* [Supplied material]:
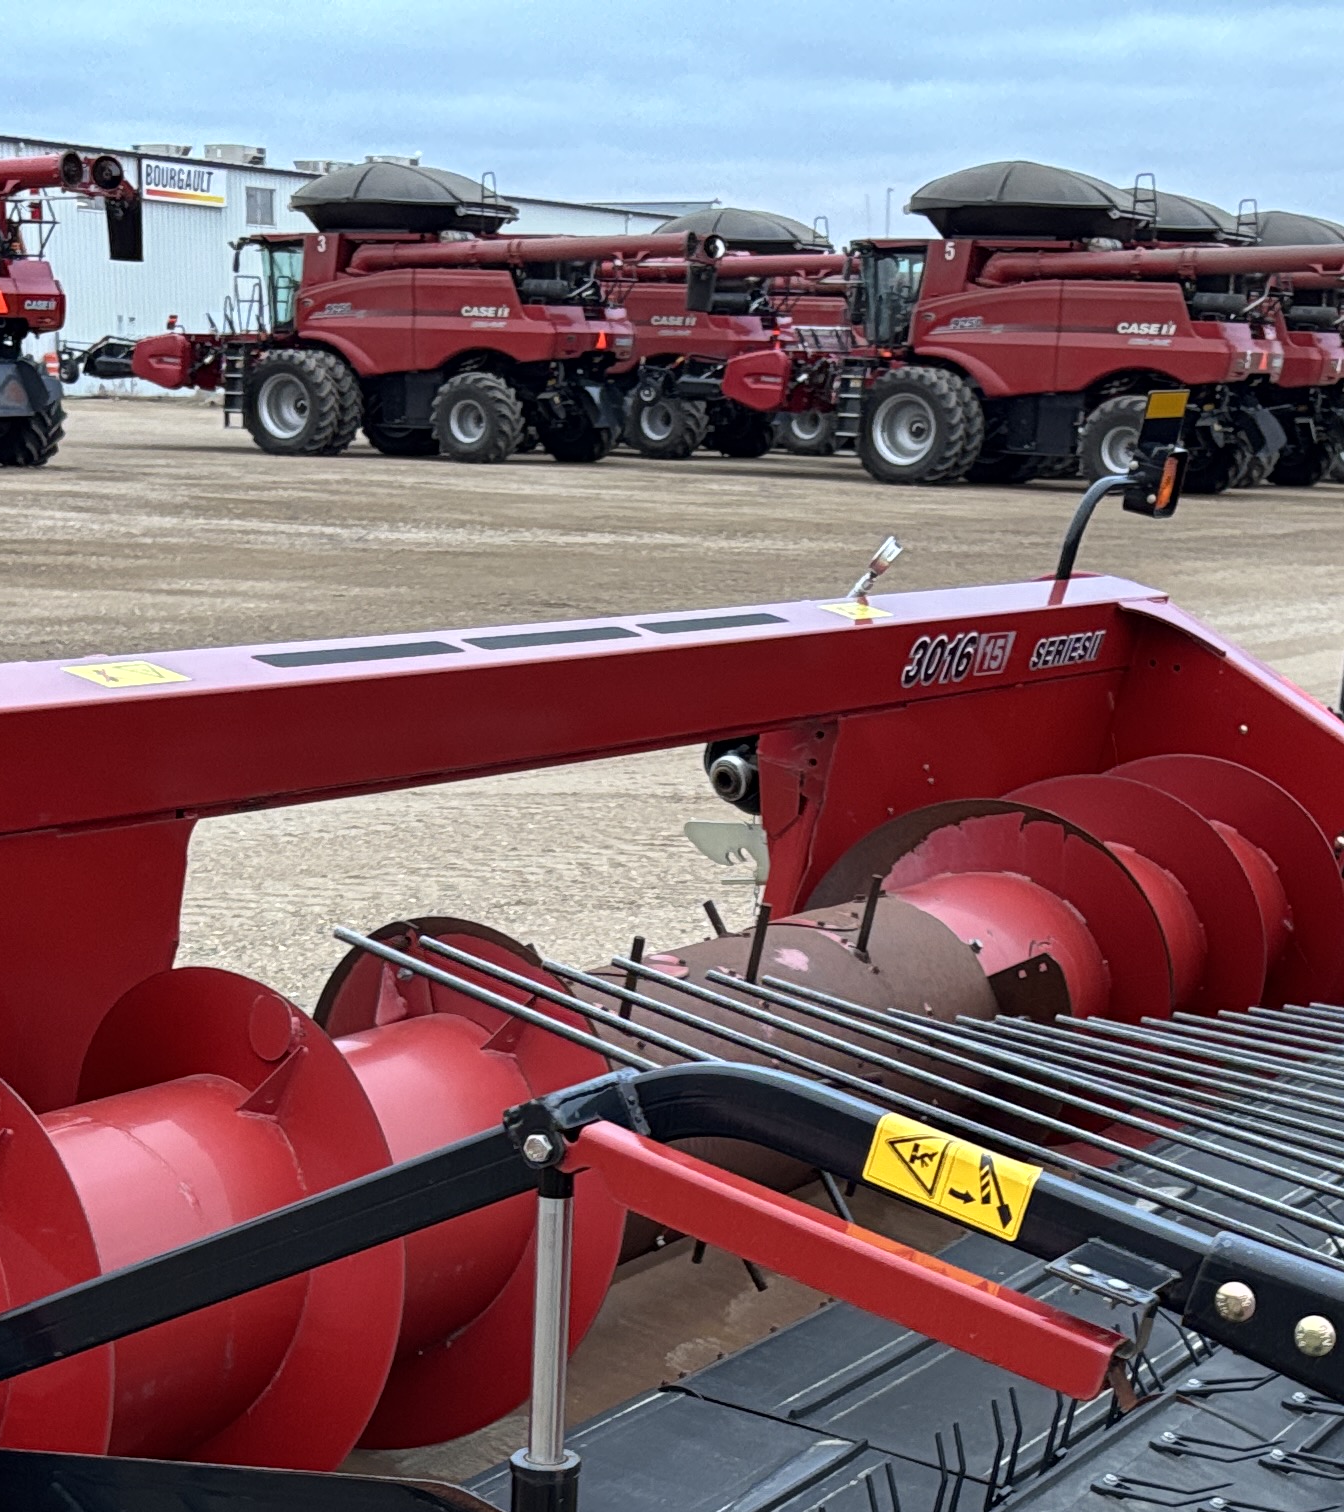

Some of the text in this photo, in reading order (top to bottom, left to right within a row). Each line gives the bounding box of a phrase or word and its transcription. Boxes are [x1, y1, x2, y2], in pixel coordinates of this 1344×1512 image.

[145, 163, 214, 193] BOURGAULT
[316, 235, 327, 252] 3
[944, 242, 955, 260] 5
[461, 306, 496, 318] CASE
[651, 316, 683, 326] CASE
[1117, 322, 1161, 335] CASE
[901, 630, 979, 689] 3016
[981, 636, 1007, 671] 15
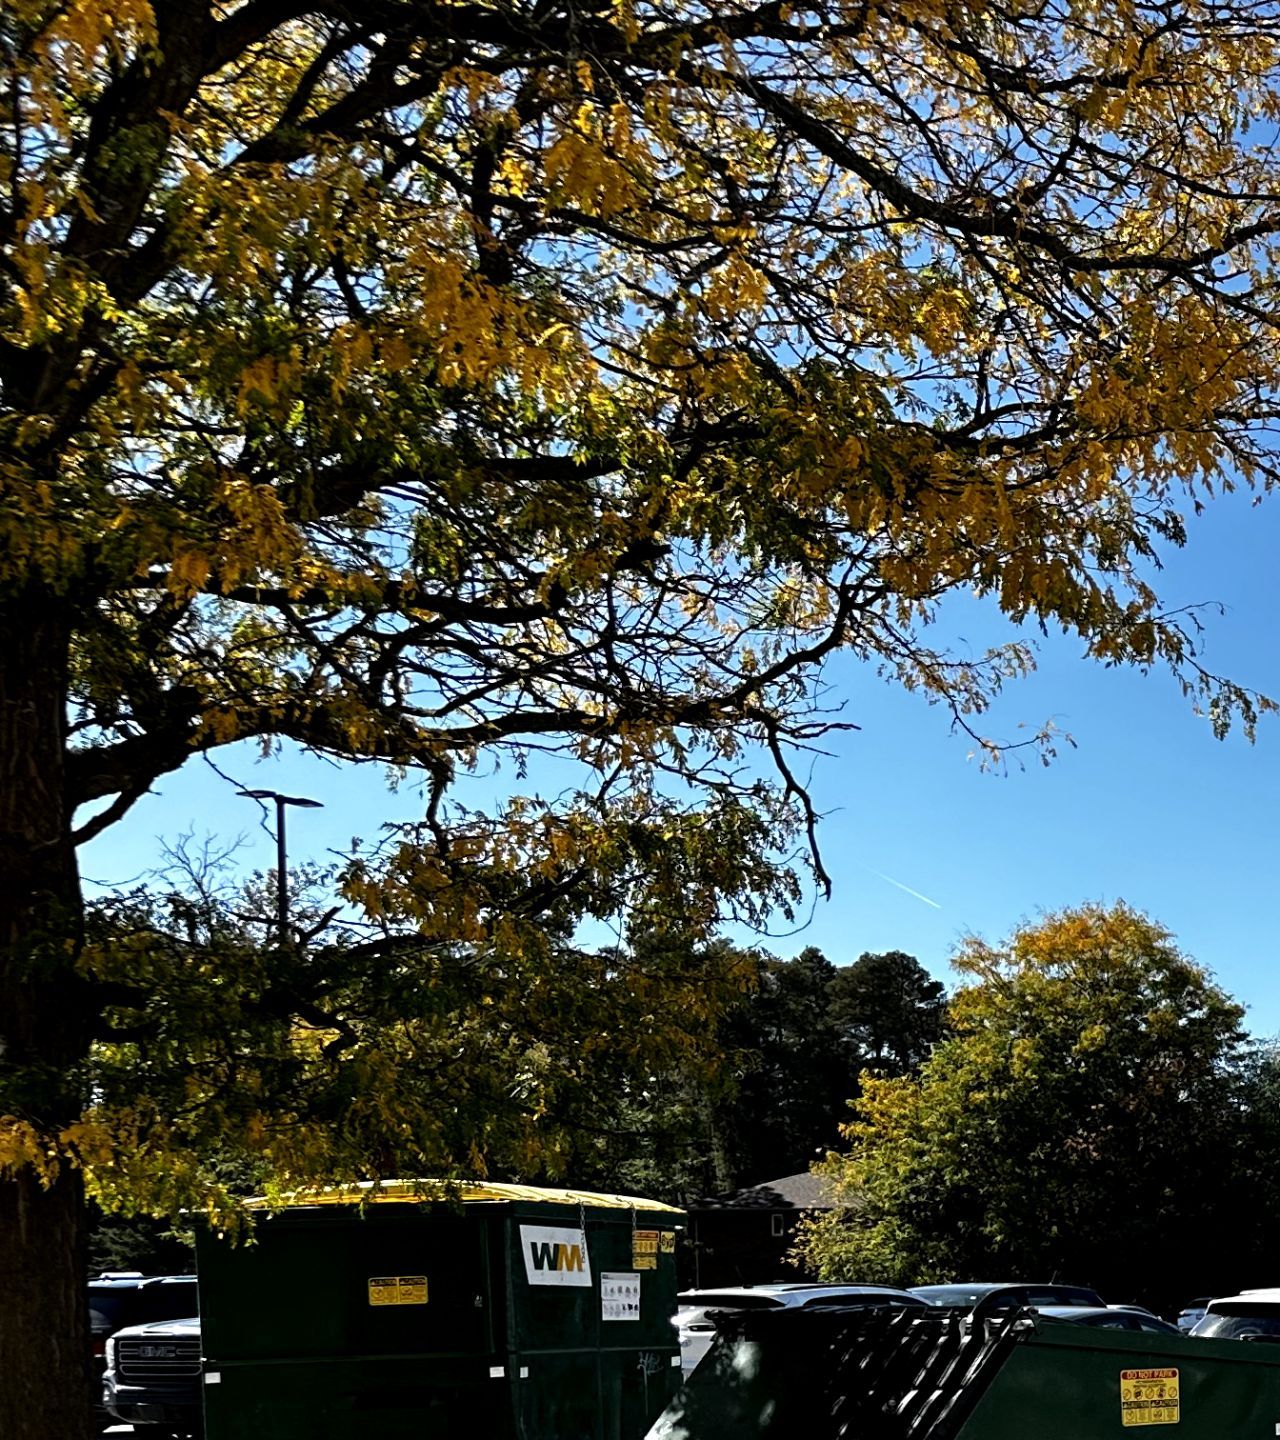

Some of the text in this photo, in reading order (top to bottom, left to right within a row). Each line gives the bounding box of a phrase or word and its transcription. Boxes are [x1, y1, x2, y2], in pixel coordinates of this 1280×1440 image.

[530, 1241, 585, 1272] WM
[140, 1346, 176, 1357] GMC
[1126, 1371, 1138, 1379] DO
[1139, 1370, 1153, 1379] NOT
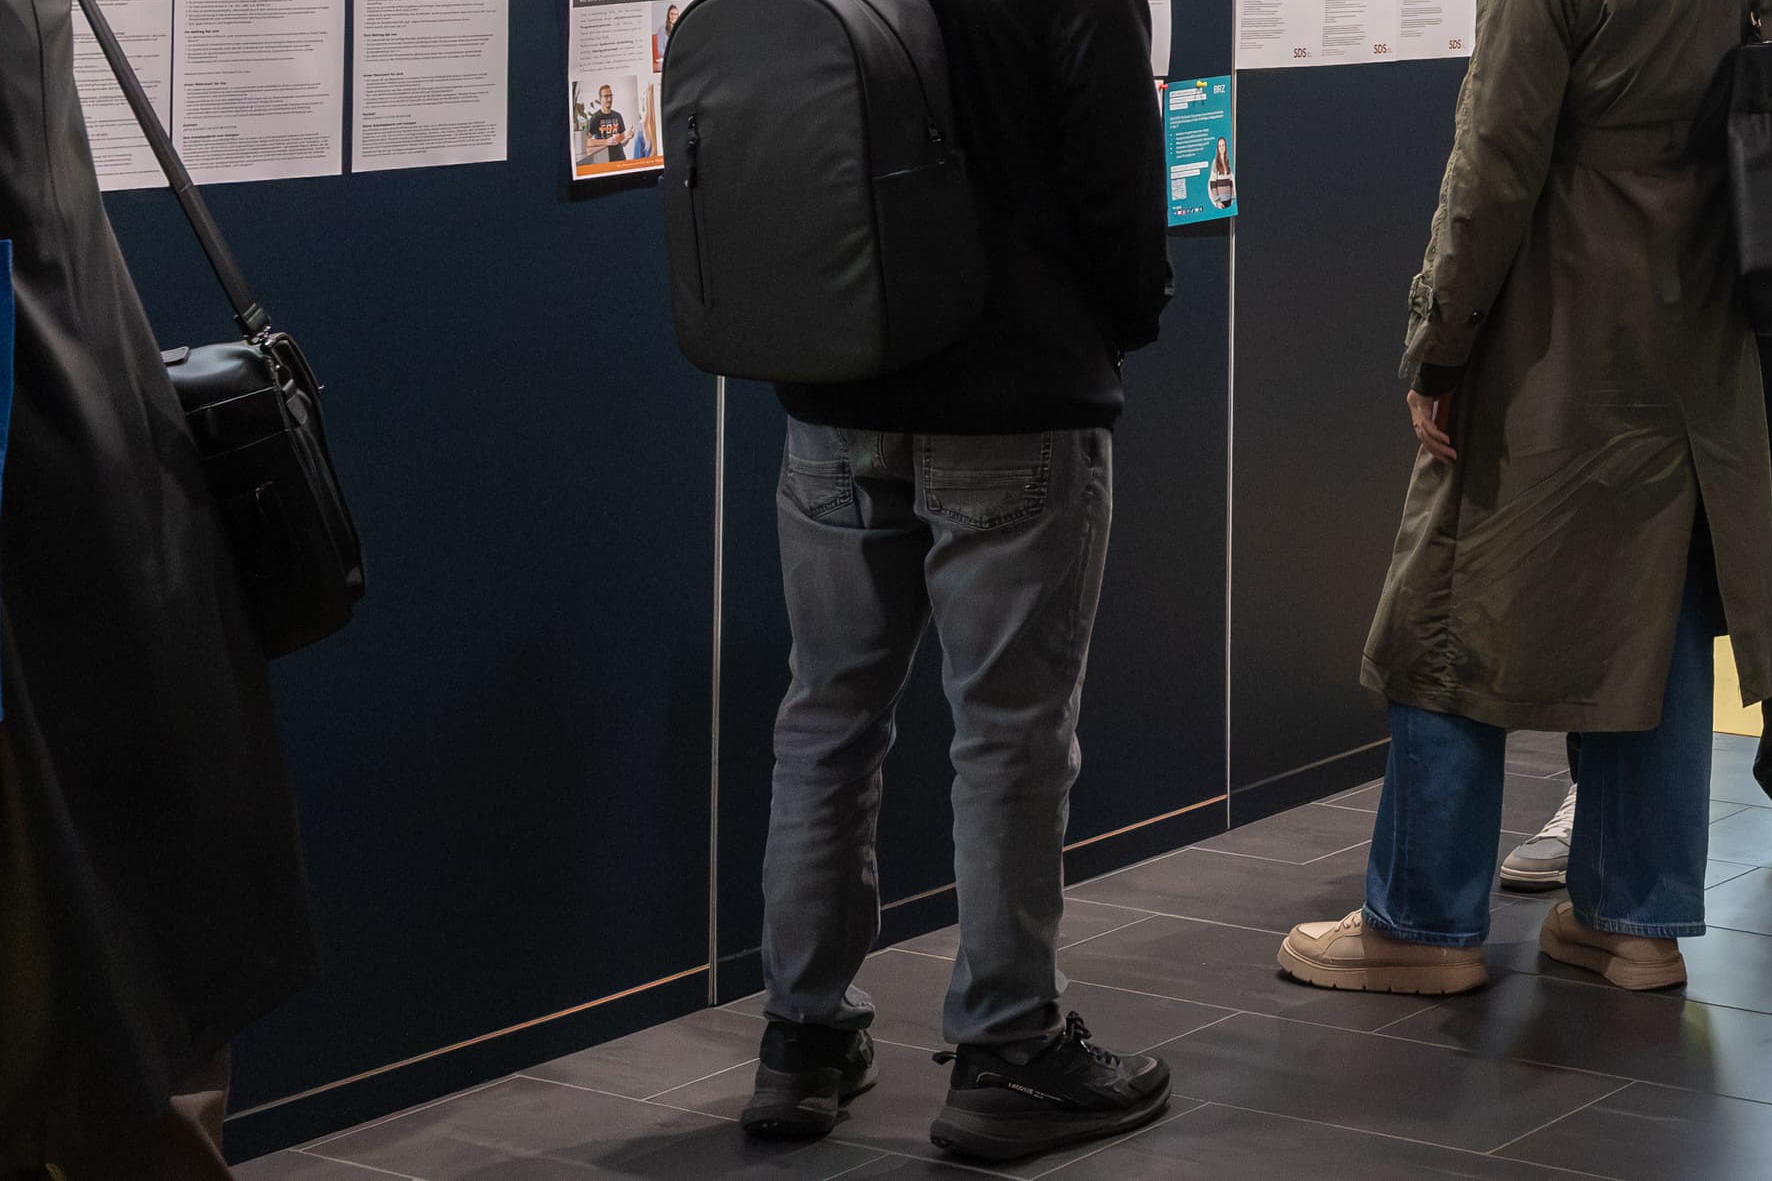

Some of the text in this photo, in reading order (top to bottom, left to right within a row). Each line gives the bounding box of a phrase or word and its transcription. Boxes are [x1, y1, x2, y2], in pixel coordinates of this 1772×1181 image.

[1373, 43, 1387, 55] SDS
[1448, 39, 1462, 50] SDS
[1293, 48, 1307, 59] SDS
[1213, 84, 1226, 94] BRZ

* [What you are asked to do]: Take the line containing "this 1280×1440 image." as the first and the last line of the records as the end. Print every line in that span exactly, leaving out pictures.

* [Answer to this problem]:
Some of the text in this photo, in reading order (top to bottom, left to right within a row). Each line gives the bounding box of a phrase or word and its transcription. Boxes are [x1, y1, x2, y2], in pixel coordinates of this 1280×1440 image.

[530, 1241, 585, 1272] WM
[140, 1346, 176, 1357] GMC
[1126, 1371, 1138, 1379] DO
[1139, 1370, 1153, 1379] NOT

Some of the text in this photo, in reading order (top to bottom, left to right within a row). Each line gives the bounding box of a phrase or word and its transcription. Boxes are [x1, y1, x2, y2], in pixel coordinates of this 1772×1181 image.

[1373, 43, 1387, 55] SDS
[1448, 39, 1462, 50] SDS
[1293, 48, 1307, 59] SDS
[1213, 84, 1226, 94] BRZ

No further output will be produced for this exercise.